(Stored records)
────

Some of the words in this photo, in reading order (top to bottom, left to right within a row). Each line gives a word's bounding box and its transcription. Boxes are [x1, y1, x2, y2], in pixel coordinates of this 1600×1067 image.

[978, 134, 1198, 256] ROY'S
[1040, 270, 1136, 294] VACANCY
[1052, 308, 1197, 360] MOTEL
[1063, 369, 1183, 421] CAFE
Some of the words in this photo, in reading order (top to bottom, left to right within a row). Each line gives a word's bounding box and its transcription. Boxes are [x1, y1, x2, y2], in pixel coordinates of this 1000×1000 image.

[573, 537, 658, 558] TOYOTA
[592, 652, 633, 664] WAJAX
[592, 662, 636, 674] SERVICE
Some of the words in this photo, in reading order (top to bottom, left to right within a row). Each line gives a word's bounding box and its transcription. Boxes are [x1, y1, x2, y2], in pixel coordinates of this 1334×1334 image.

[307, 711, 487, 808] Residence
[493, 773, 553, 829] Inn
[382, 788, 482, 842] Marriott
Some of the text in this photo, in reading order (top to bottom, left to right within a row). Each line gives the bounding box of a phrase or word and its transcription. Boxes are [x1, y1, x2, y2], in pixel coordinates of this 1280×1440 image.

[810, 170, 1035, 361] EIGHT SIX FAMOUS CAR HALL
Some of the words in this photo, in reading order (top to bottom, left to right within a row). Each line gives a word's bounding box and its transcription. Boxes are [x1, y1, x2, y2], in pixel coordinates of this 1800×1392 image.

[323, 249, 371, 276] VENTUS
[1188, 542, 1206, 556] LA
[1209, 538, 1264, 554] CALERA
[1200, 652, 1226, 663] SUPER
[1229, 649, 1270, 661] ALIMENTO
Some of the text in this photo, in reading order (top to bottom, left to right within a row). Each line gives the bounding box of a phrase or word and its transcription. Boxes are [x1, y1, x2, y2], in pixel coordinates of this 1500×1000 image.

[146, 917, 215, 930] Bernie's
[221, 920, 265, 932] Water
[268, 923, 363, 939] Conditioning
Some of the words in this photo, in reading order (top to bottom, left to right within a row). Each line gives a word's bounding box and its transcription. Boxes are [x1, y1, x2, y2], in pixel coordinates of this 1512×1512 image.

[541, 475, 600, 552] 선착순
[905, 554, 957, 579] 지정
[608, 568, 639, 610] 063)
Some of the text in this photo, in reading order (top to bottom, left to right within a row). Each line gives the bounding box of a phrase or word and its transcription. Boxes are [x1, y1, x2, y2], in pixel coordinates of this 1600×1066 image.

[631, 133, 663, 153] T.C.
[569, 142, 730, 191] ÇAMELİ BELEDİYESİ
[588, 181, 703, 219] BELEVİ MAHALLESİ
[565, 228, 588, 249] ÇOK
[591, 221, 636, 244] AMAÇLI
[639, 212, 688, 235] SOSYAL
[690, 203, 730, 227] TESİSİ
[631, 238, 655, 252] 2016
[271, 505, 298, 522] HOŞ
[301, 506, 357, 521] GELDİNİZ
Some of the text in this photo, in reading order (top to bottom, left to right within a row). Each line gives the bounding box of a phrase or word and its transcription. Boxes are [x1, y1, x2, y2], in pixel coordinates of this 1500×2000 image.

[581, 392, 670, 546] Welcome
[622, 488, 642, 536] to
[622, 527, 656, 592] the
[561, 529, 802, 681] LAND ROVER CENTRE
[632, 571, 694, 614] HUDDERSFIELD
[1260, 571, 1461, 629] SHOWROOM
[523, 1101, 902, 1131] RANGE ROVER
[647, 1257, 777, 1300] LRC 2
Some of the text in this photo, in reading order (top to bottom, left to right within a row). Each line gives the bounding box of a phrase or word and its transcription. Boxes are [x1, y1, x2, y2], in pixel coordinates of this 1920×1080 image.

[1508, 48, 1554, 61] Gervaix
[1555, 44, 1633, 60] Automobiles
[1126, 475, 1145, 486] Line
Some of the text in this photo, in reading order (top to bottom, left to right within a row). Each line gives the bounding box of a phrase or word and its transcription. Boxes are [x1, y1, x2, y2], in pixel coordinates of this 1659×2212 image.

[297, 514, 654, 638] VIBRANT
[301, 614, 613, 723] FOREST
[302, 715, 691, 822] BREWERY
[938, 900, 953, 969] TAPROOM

────

From the first line to the last, retype the data exactly.

Some of the words in this photo, in reading order (top to bottom, left to right within a row). Each line gives a word's bounding box and its transcription. Boxes are [x1, y1, x2, y2], in pixel coordinates of this 1600×1067 image.

[978, 134, 1198, 256] ROY'S
[1040, 270, 1136, 294] VACANCY
[1052, 308, 1197, 360] MOTEL
[1063, 369, 1183, 421] CAFE
Some of the words in this photo, in reading order (top to bottom, left to right within a row). Each line gives a word's bounding box and its transcription. Boxes are [x1, y1, x2, y2], in pixel coordinates of this 1000×1000 image.

[573, 537, 658, 558] TOYOTA
[592, 652, 633, 664] WAJAX
[592, 662, 636, 674] SERVICE
Some of the words in this photo, in reading order (top to bottom, left to right within a row). Each line gives a word's bounding box and its transcription. Boxes are [x1, y1, x2, y2], in pixel coordinates of this 1334×1334 image.

[307, 711, 487, 808] Residence
[493, 773, 553, 829] Inn
[382, 788, 482, 842] Marriott
Some of the text in this photo, in reading order (top to bottom, left to right within a row). Each line gives the bounding box of a phrase or word and its transcription. Boxes are [x1, y1, x2, y2], in pixel coordinates of this 1280×1440 image.

[810, 170, 1035, 361] EIGHT SIX FAMOUS CAR HALL
Some of the words in this photo, in reading order (top to bottom, left to right within a row). Each line gives a word's bounding box and its transcription. Boxes are [x1, y1, x2, y2], in pixel coordinates of this 1800×1392 image.

[323, 249, 371, 276] VENTUS
[1188, 542, 1206, 556] LA
[1209, 538, 1264, 554] CALERA
[1200, 652, 1226, 663] SUPER
[1229, 649, 1270, 661] ALIMENTO
Some of the text in this photo, in reading order (top to bottom, left to right within a row). Each line gives the bounding box of a phrase or word and its transcription. Boxes are [x1, y1, x2, y2], in pixel coordinates of this 1500×1000 image.

[146, 917, 215, 930] Bernie's
[221, 920, 265, 932] Water
[268, 923, 363, 939] Conditioning
Some of the words in this photo, in reading order (top to bottom, left to right within a row). Each line gives a word's bounding box and its transcription. Boxes are [x1, y1, x2, y2], in pixel coordinates of this 1512×1512 image.

[541, 475, 600, 552] 선착순
[905, 554, 957, 579] 지정
[608, 568, 639, 610] 063)
Some of the text in this photo, in reading order (top to bottom, left to right within a row). Each line gives the bounding box of a phrase or word and its transcription. Boxes are [x1, y1, x2, y2], in pixel coordinates of this 1600×1066 image.

[631, 133, 663, 153] T.C.
[569, 142, 730, 191] ÇAMELİ BELEDİYESİ
[588, 181, 703, 219] BELEVİ MAHALLESİ
[565, 228, 588, 249] ÇOK
[591, 221, 636, 244] AMAÇLI
[639, 212, 688, 235] SOSYAL
[690, 203, 730, 227] TESİSİ
[631, 238, 655, 252] 2016
[271, 505, 298, 522] HOŞ
[301, 506, 357, 521] GELDİNİZ
Some of the text in this photo, in reading order (top to bottom, left to right within a row). Each line gives the bounding box of a phrase or word and its transcription. Boxes are [x1, y1, x2, y2], in pixel coordinates of this 1500×2000 image.

[581, 392, 670, 546] Welcome
[622, 488, 642, 536] to
[622, 527, 656, 592] the
[561, 529, 802, 681] LAND ROVER CENTRE
[632, 571, 694, 614] HUDDERSFIELD
[1260, 571, 1461, 629] SHOWROOM
[523, 1101, 902, 1131] RANGE ROVER
[647, 1257, 777, 1300] LRC 2
Some of the text in this photo, in reading order (top to bottom, left to right within a row). Each line gives the bounding box of a phrase or word and its transcription. Boxes are [x1, y1, x2, y2], in pixel coordinates of this 1920×1080 image.

[1508, 48, 1554, 61] Gervaix
[1555, 44, 1633, 60] Automobiles
[1126, 475, 1145, 486] Line
Some of the text in this photo, in reading order (top to bottom, left to right within a row). Each line gives the bounding box of a phrase or word and its transcription. Boxes are [x1, y1, x2, y2], in pixel coordinates of this 1659×2212 image.

[297, 514, 654, 638] VIBRANT
[301, 614, 613, 723] FOREST
[302, 715, 691, 822] BREWERY
[938, 900, 953, 969] TAPROOM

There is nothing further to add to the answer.